We spent more time online, and did more online, but the sorts of things we are doing were not really that different from what was on offer in 2005, or even 2004. E-mail, photos, file sharing, online communities and even virtual worlds are nothing new.
Of course this is not surprising. There is little truly innovative in computing and even the Web itself was little more than an effective way to do hypertext, reinventing something that had been around for at least 20 years before Tim Berners-Lee picked it up.
The real innovation this year has been in the ways we use the technologies, in their availability and ease of use, and in the manner in which the services and applications are embedded in all aspects of daily life, whether at home or work.
We are building our lives around the network and the things it makes possible, and 2006 marks the year in which this became a sensible and indeed rather normal thing to do rather than something that marked you out as a geek or a leading edge afficionado of the new.
In the next year we're going to see smartphones and mobile access finally come into their own, as the devices live up to the earlier promise and the networks finally realise that treating handsets as network nodes makes a lot more sense than acting like they are mobile phones with added data services.
The single coolest thing I saw last year was a demonstration of Slingbox on a Symbian smartphone, watching a TV signal from California, sent over the internet and controlled from the handset. Of course it is really just a clever bit of integration, however disruptive it will prove to be to the television industry.
But in the longer term, when we can put 2006 in a broader perspective, there will be one project that stands out above all others.
It will not be Second Life, which will soon be a historical footnote in the development of virtual environments. Nor will MySpace or Flickr or Wikipedia appear as anything other than small steps on the path to the networked world, however large they may seem to us today.

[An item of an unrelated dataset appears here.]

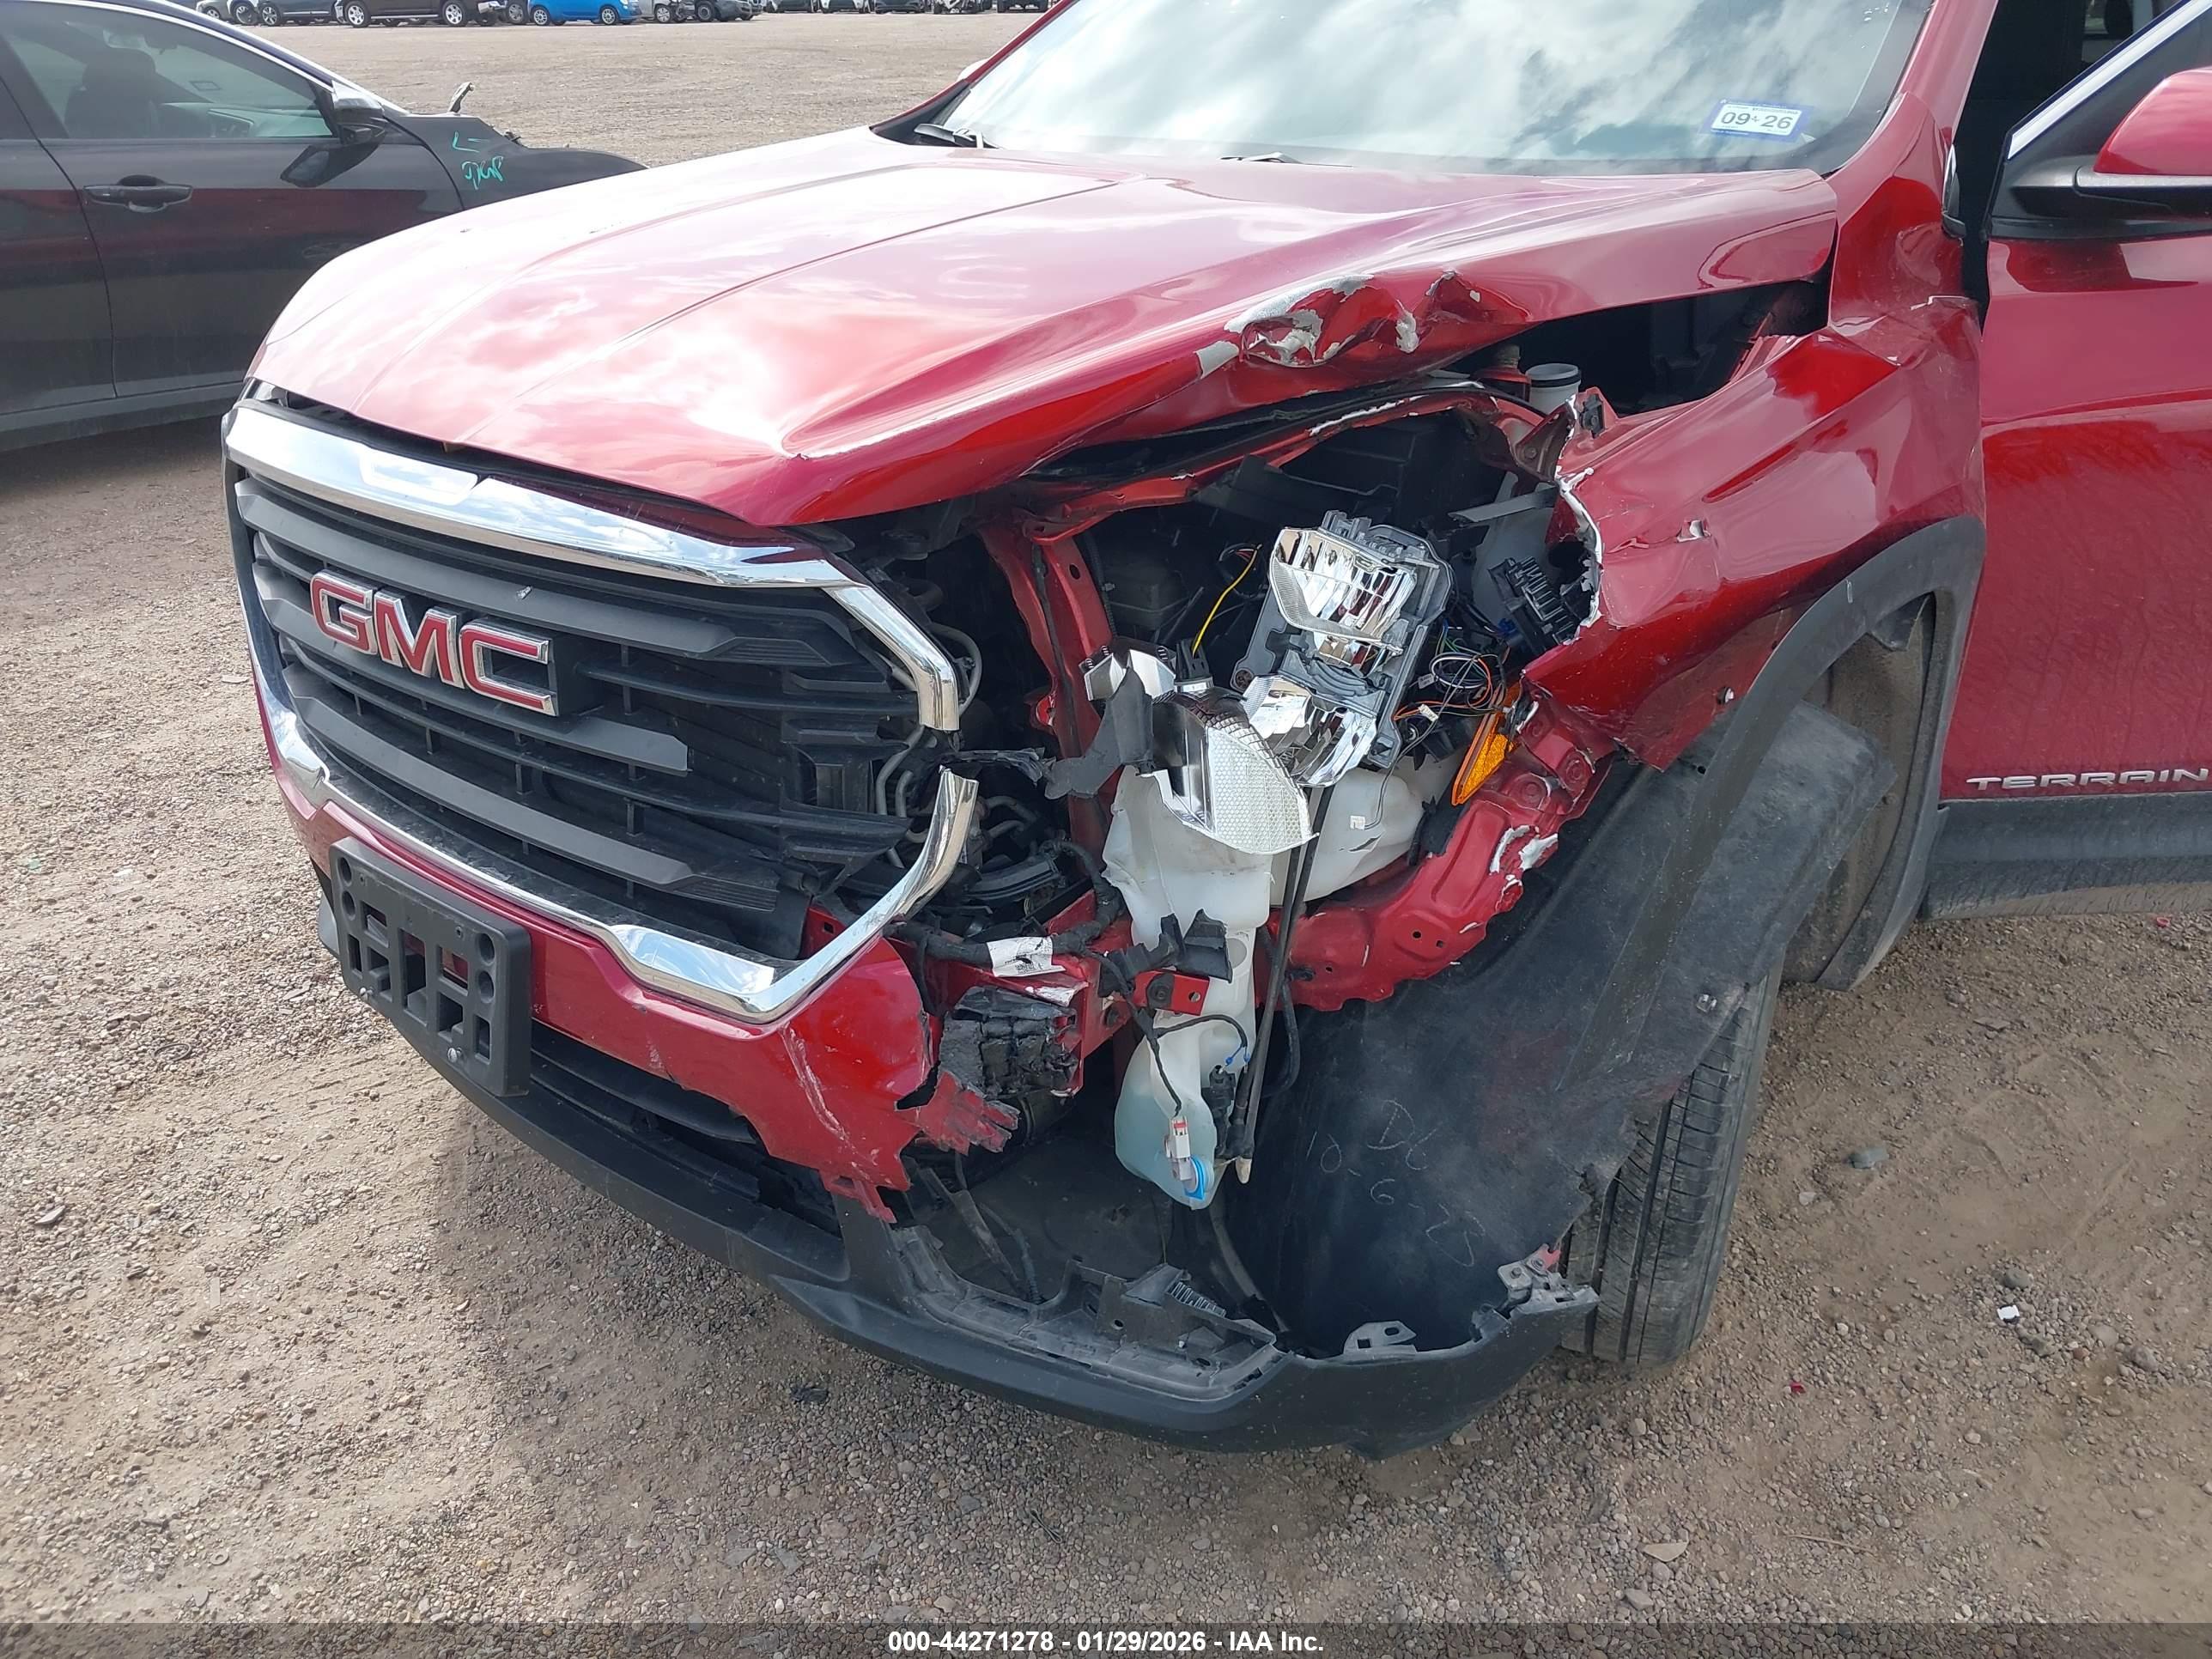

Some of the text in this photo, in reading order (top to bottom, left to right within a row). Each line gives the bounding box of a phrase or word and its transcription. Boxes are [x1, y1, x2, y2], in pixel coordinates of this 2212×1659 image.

[1721, 112, 1793, 129] 09 26
[309, 568, 560, 717] GMC
[1966, 768, 2209, 791] TERRAIN

Bill was less than impressed with Second Life
The really significant change this year was the successful development of the Children's Machine, which started life as the '$100 laptop', a project to create a low-cost computer that governments can give to children around the world.
I saw the prototype at the World Summit on the Information Society in Tunisia in November 2005, and in less than a year the One Laptop per Child team behind the project have managed to solve the major design challenges and reach the point where physical computers are being manufactured in China.
These are only test machines, and more work is needed, but the plan is to start full production in Spring 2007.
This is an astonishing achievement, and a lot of the credit has to go to OLPC's chief technology officer, Mary Lou Jepsen.
She has pushed through innovations in screen design, energy consumption and the user interface to give us a computer that will transform the relationship of the world's poorest children to a networked economy that is currently owned and controlled by the rich nations and their affluent citizens.
The project is often criticised by those who worry about diverting resources into laptops and away from other development goals, or who fear that the computers are not a good educational tool, or that corrupt governments or greedy parents will keep the machines away from the kids.
Hypertext had a long history before the World Wide Web
These concerns are valid, and we need to do everything possible to make sure that they are not realised, but they should not detract from the majestic vision which drives the project.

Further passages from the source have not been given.